To understand the logic behind this continuity one has to analyze the responses of the colonized toward technological innovation. The responses varied, but the editors stress the selectivity, rather than passivity, of ordinary city dwellers toward modernity. For Colombijn and Coté, conscious consumption was crucial in how Western-derived modernity persisted into the postcolonial period. The agency of the colonized enabled the “counter-colonial process of defining an alternative modernity, one that the subaltern residents of the cities could own. This alternative modernity did not reject the fundamental ingredients of modernity . . . but challenged the assumption of exclusive ownership” (p. 11). Save for the introduction, the chapters of the book are divided into three sections based on the type of responses from the colonized: 1) “State Impositions and Passive Acceptance”; 2) “Partial Accommodation”; and, 3) “Selective Appropriation.”
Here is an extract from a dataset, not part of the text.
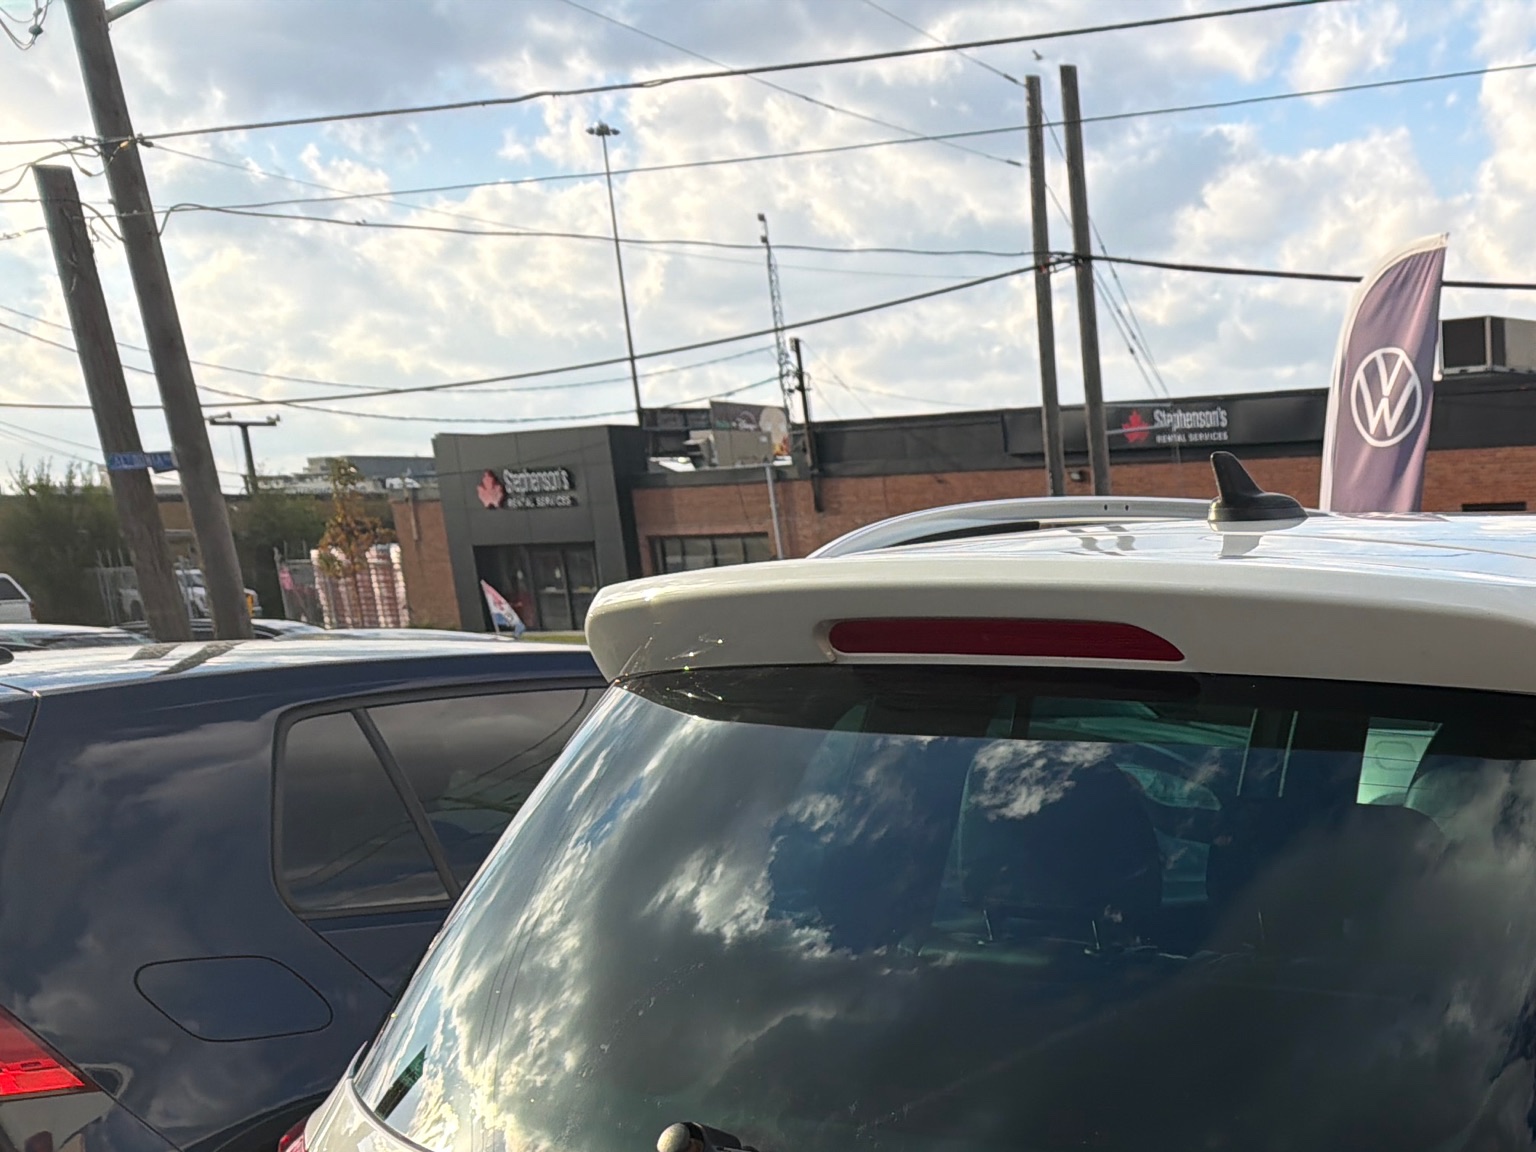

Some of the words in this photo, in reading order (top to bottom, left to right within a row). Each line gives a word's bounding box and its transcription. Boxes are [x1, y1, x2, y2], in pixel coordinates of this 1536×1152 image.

[1153, 407, 1228, 431] Stephenson's
[1156, 433, 1187, 444] RENTAL
[1188, 431, 1229, 442] SERVICES
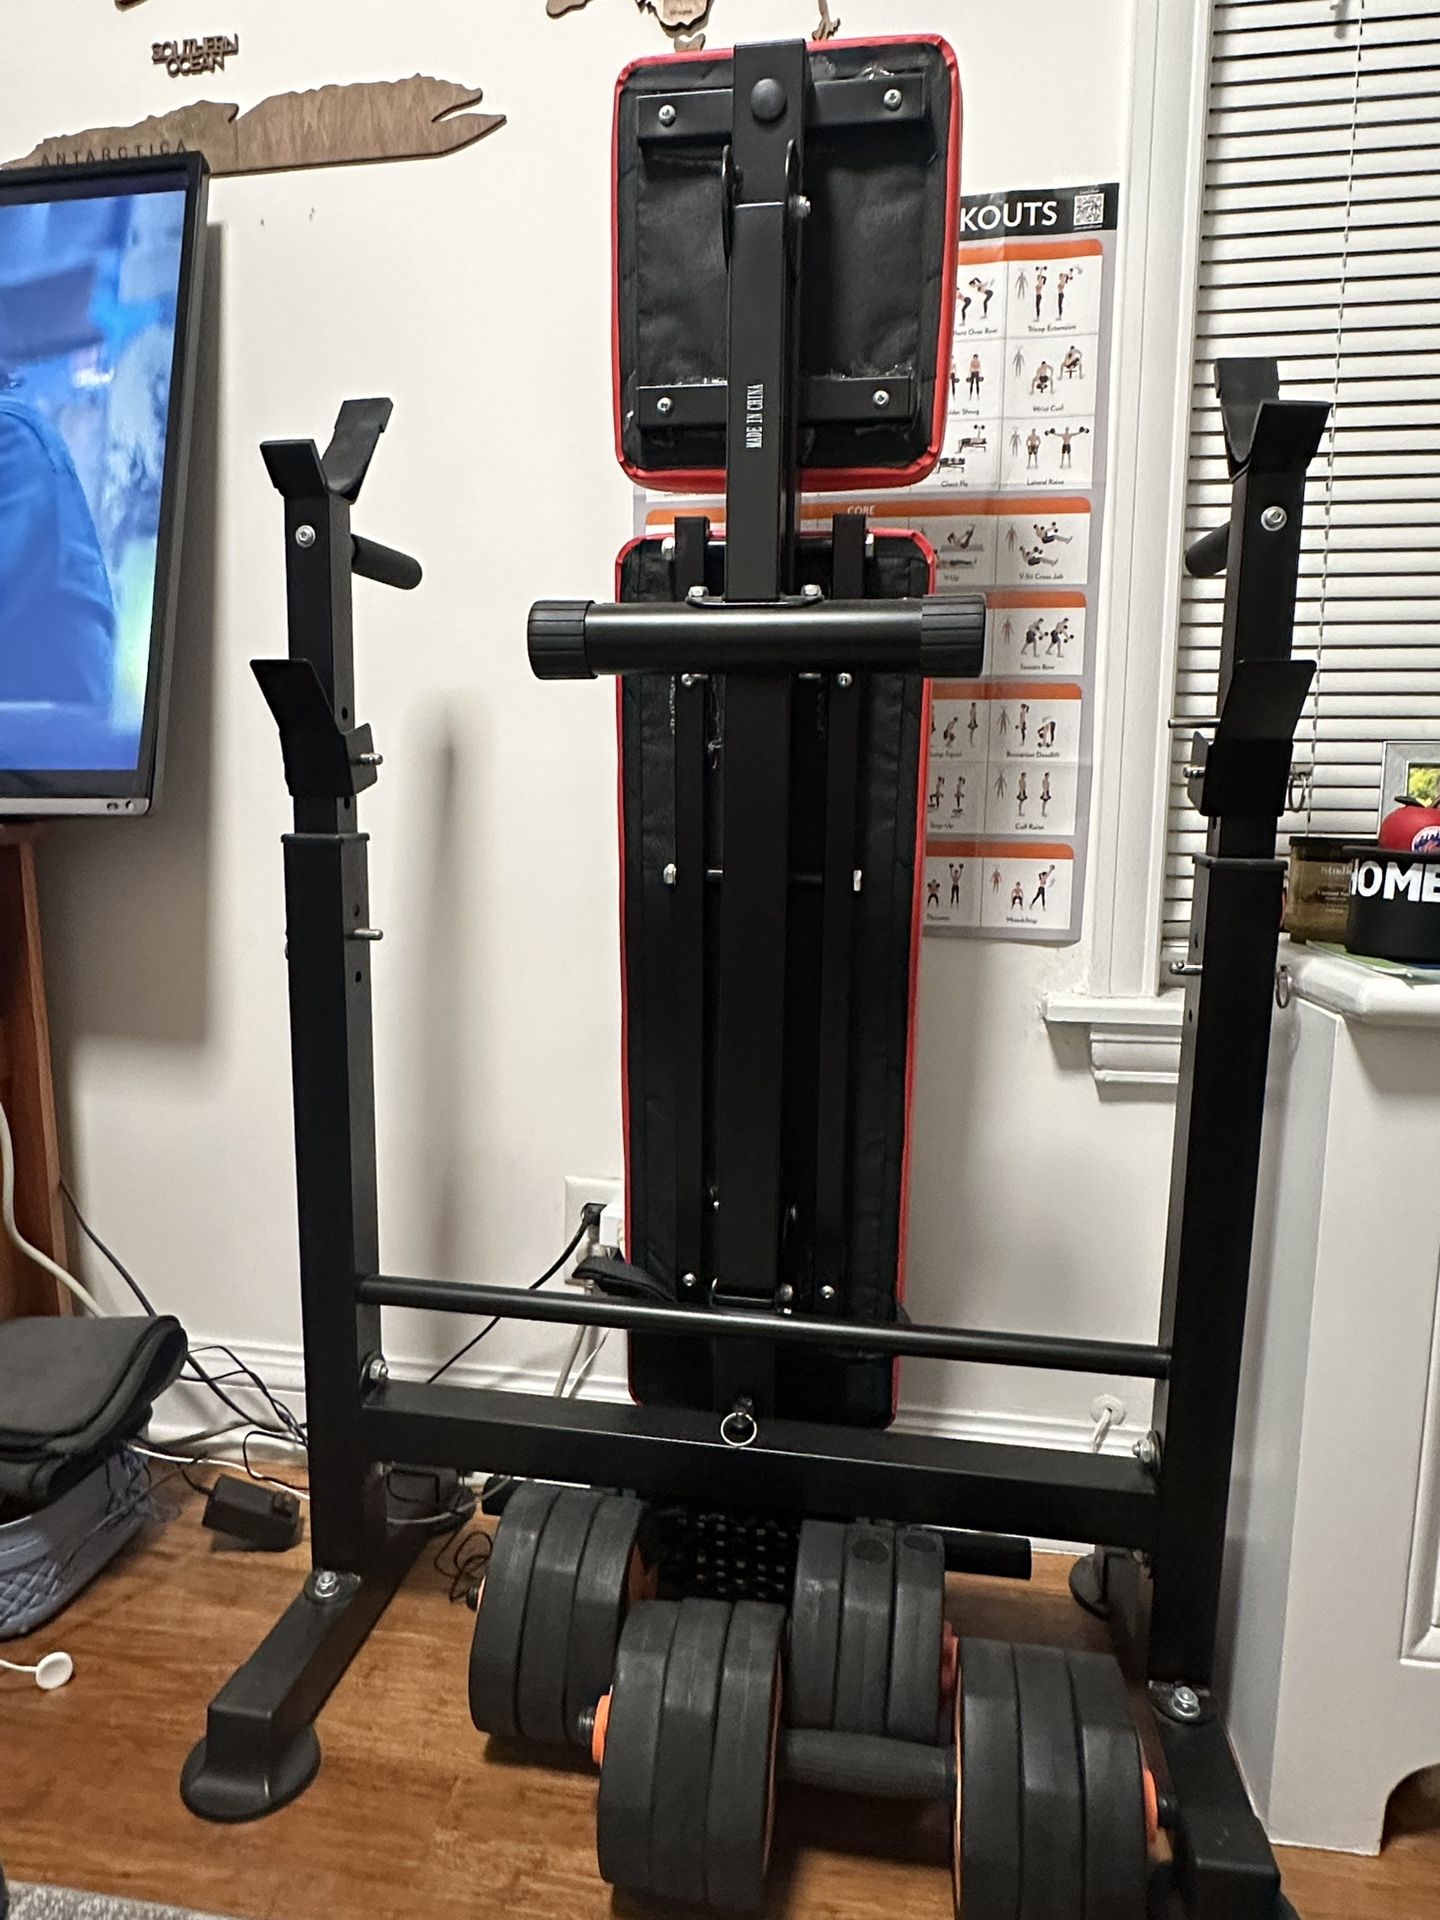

The three chapters in the first section “take a big picture approach, stretching their view across the twentieth century” (p. 16) to see how modernization played out in both colonial and postcolonial contexts. Saki Murakami’s “Call for Doctors! Uneven Medical Provision and the Modernization of State Health Care during the Decolonization of Indonesia, 1930s–1950s” looks at how the Sukarno administration, in its objective to present the republic as the total opposite of Dutch colonial rule, tried to support rural healthcare through more geographically dispersed assignments for doctors. Unfortunately, the program ended as a disaster due to the lack of manpower and the failure of the legislators to consider the complex demands of the medical profession. In “(Post)Colonial Pipes: Urban Water Supply in Colonial and Contemporary Jakarta” Michelle Kooy and Karen Bakker use a postcolonial framework to show the fragmented geography of Jakarta’s water supply. This fragmented geography is caused by the differences among the city’s population in terms of access, a situation that is rooted in the city’s colonial infrastructure and discourse, and sadly remains true to this day. The trajectory of colonial origins leading to postcolonial appropriation that is evident in the first two essays is also present in Pauline K. M. van Roosmalen’s “Netherlands Indies Town Planning: An Agent of Modernization (1905–1957).” The author looks at the increasing awareness of the Indonesian population to town planning concepts that originated from Dutch planners, facilitated by the actual implementation of urban plans and even mass media. Increased participation of non-Europeans in the planning process made town planning an agent of modernization.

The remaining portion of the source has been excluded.